- Source records:
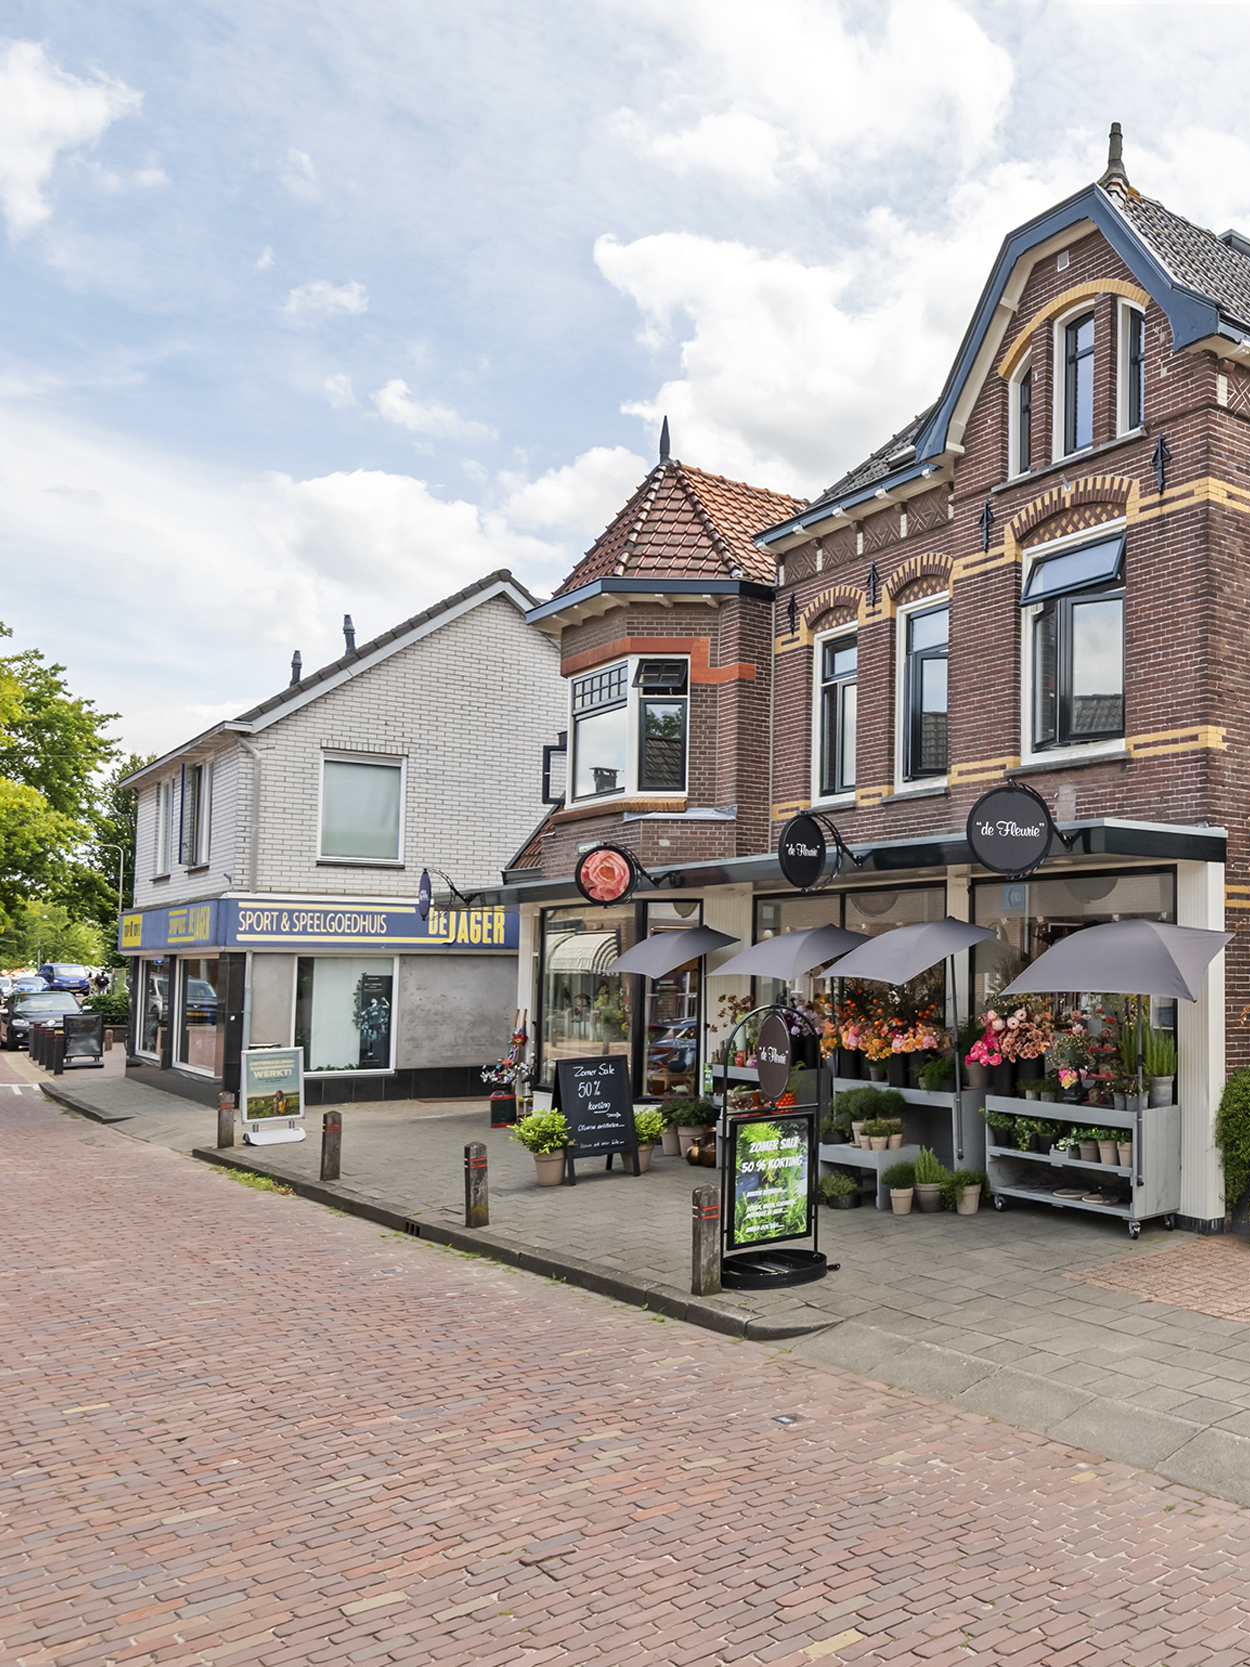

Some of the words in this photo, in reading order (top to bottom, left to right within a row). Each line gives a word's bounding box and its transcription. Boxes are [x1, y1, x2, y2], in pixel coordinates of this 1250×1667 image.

[238, 911, 278, 932] SPORT
[281, 912, 290, 932] &
[292, 912, 387, 934] SPEELGOEDHUIS
[253, 1069, 292, 1078] WERKT!
[573, 1066, 597, 1078] Zomer
[598, 1063, 615, 1076] Sale
[749, 1138, 779, 1153] ZOMER
[780, 1136, 801, 1149] SALE
[741, 1161, 754, 1173] 50
[767, 1155, 803, 1170] KORTING
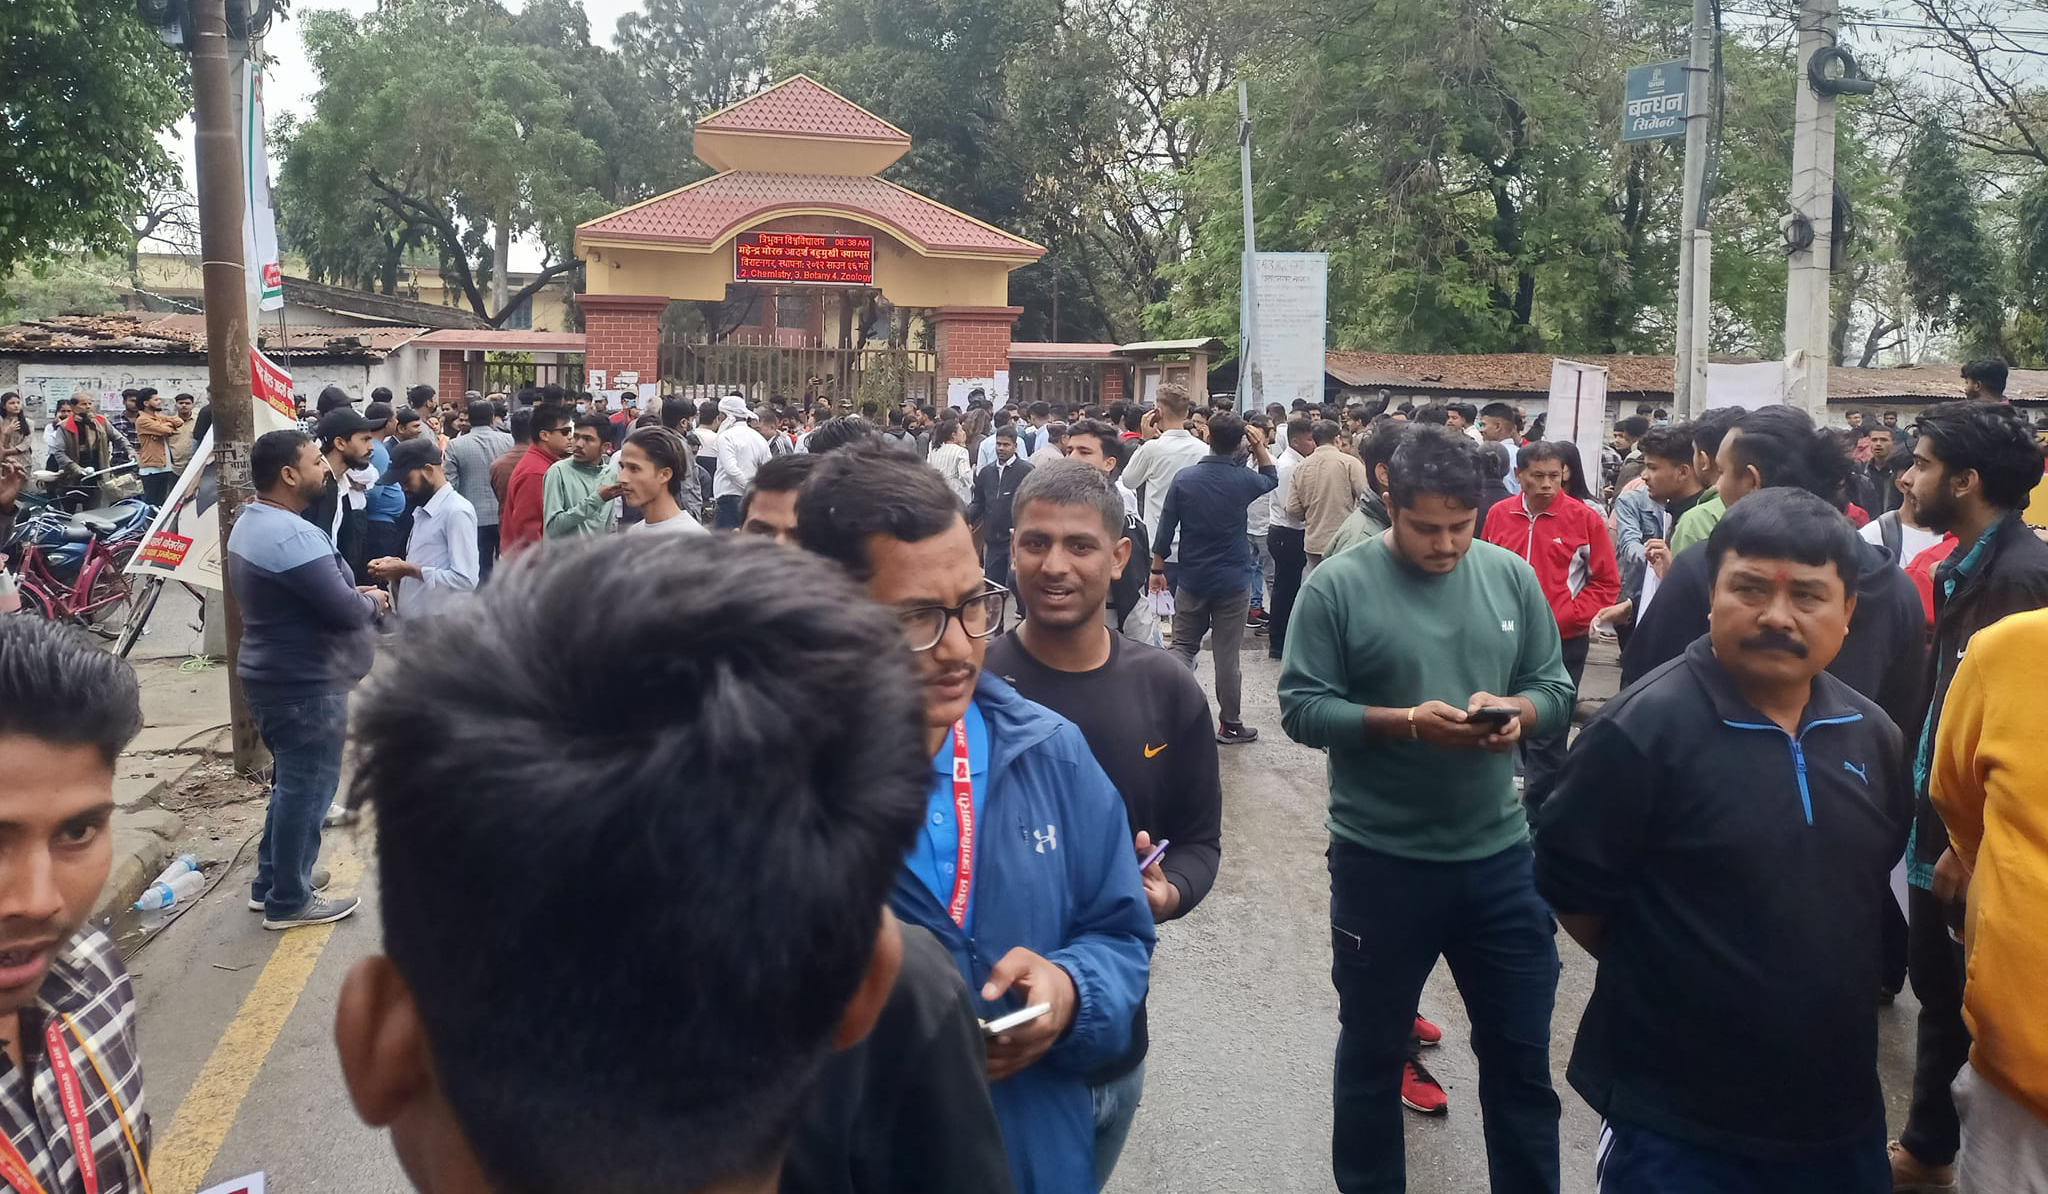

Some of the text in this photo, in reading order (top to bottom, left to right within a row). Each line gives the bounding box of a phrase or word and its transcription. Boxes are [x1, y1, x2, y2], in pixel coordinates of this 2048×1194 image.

[1628, 93, 1685, 116] बन्धन
[758, 234, 784, 246] त्रिभुवन
[785, 234, 825, 246] विश्वविद्यालय
[857, 239, 870, 247] AM
[738, 244, 761, 256] महेन्द्र
[784, 246, 808, 257] आदर्श
[840, 272, 871, 282] Zoology
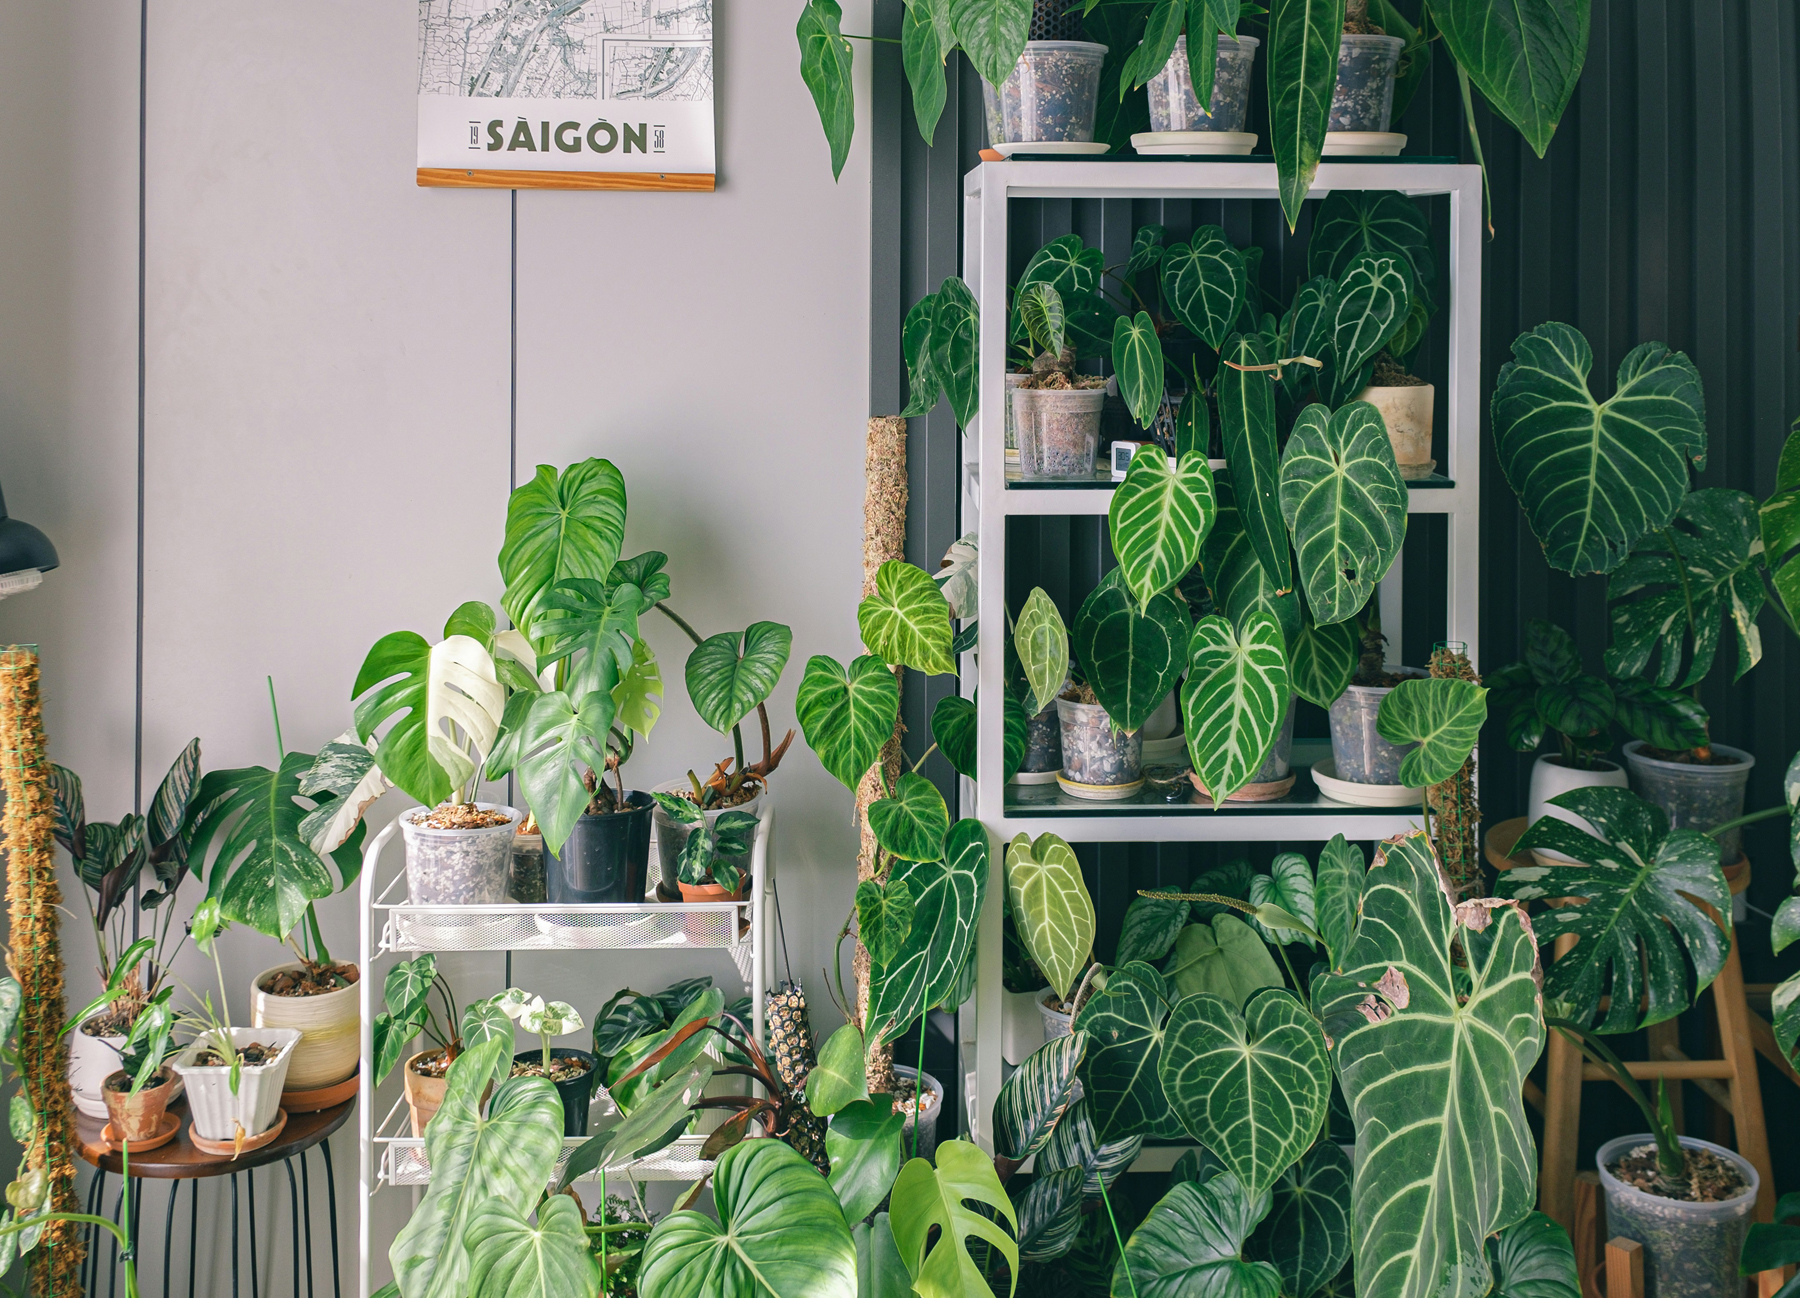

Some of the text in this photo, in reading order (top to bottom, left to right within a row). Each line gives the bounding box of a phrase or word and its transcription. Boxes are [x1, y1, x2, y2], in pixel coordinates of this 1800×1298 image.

[470, 116, 665, 154] 19 SÀIGÒN 58
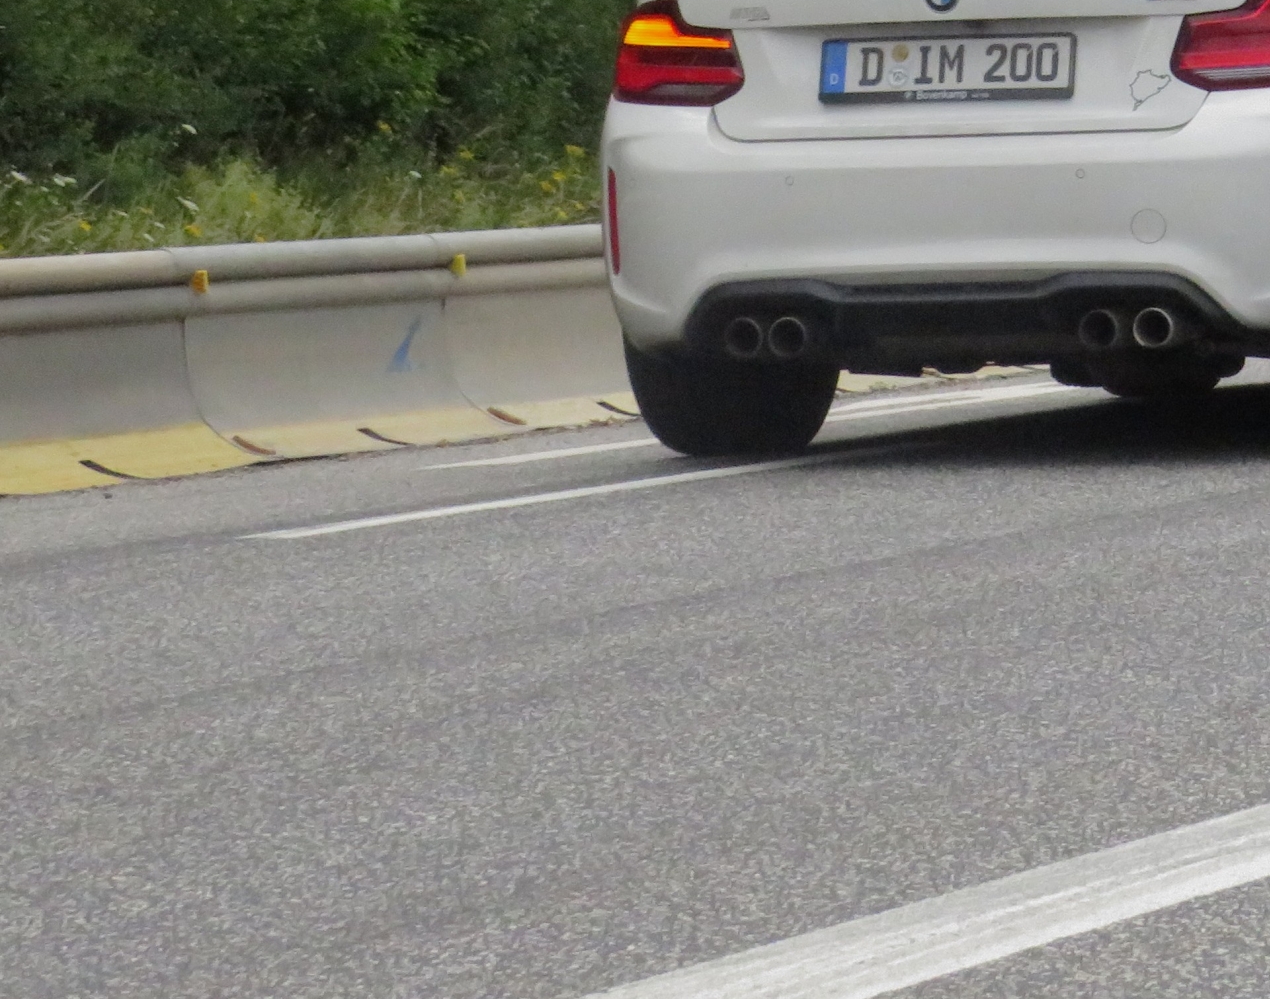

- Your task:
Wherever an image appears, omit it, and retype everything else in the entries exactly.

- Your response:
Some of the words in this photo, in reading order (top to bottom, left to right within a row). Each line gives a word's bounding box and its transcription. Boxes are [x1, y1, x2, y2], in pixel coordinates of this 1250×1667 image.

[238, 911, 278, 932] SPORT
[281, 912, 290, 932] &
[292, 912, 387, 934] SPEELGOEDHUIS
[253, 1069, 292, 1078] WERKT!
[573, 1066, 597, 1078] Zomer
[598, 1063, 615, 1076] Sale
[749, 1138, 779, 1153] ZOMER
[780, 1136, 801, 1149] SALE
[741, 1161, 754, 1173] 50
[767, 1155, 803, 1170] KORTING

Some of the text in this photo, in reading order (top to bottom, left to right within a row). Each line gives the bounding box of a phrase or word and its transcription. Boxes are [x1, y1, x2, y2], in pixel coordinates of this 2048×1194 image.

[1628, 93, 1685, 116] बन्धन
[758, 234, 784, 246] त्रिभुवन
[785, 234, 825, 246] विश्वविद्यालय
[857, 239, 870, 247] AM
[738, 244, 761, 256] महेन्द्र
[784, 246, 808, 257] आदर्श
[840, 272, 871, 282] Zoology

Some of the text in this photo, in reading order (top to bottom, left to right within a row). Each line gives the bounding box of a phrase or word and its transcription. Boxes are [x1, y1, x2, y2], in pixel coordinates of this 1800×1298 image.

[470, 116, 665, 154] 19 SÀIGÒN 58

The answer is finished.